Your task: Could you restate the data word for word and drop the pictures?

Data to examine:

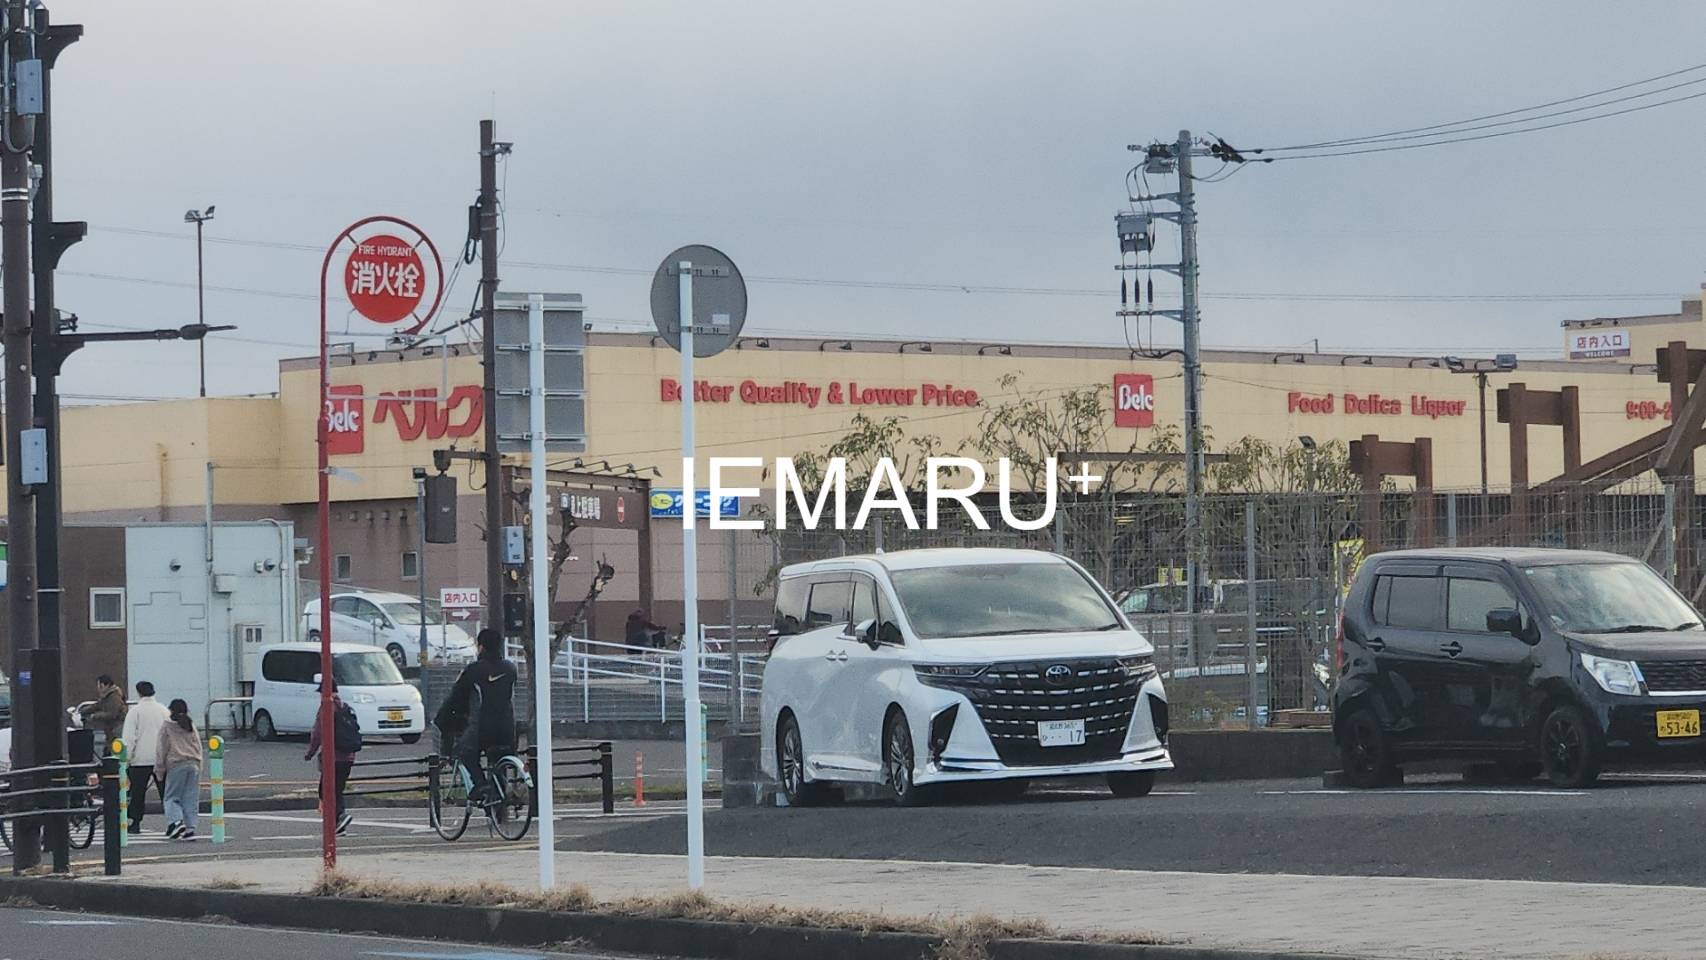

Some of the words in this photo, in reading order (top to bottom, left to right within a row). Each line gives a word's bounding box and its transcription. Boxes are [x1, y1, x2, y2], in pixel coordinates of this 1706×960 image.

[358, 244, 375, 255] FIRE
[377, 245, 413, 257] HYDRANT
[351, 260, 420, 298] 消火栓
[1576, 335, 1622, 349] 店内入口
[739, 380, 822, 409] Quality
[827, 381, 844, 405] &
[849, 382, 918, 406] Lower
[1118, 384, 1154, 411] Belc
[1287, 391, 1334, 414] Food
[1343, 393, 1402, 415] Delica
[1410, 394, 1467, 419] Liquor
[372, 384, 484, 441] ベルク
[444, 592, 478, 603] 店内入口

Answer to this task:
Some of the words in this photo, in reading order (top to bottom, left to right within a row). Each line gives a word's bounding box and its transcription. Boxes are [x1, y1, x2, y2], in pixel coordinates of this 1706×960 image.

[358, 244, 375, 255] FIRE
[377, 245, 413, 257] HYDRANT
[351, 260, 420, 298] 消火栓
[1576, 335, 1622, 349] 店内入口
[739, 380, 822, 409] Quality
[827, 381, 844, 405] &
[849, 382, 918, 406] Lower
[1118, 384, 1154, 411] Belc
[1287, 391, 1334, 414] Food
[1343, 393, 1402, 415] Delica
[1410, 394, 1467, 419] Liquor
[372, 384, 484, 441] ベルク
[444, 592, 478, 603] 店内入口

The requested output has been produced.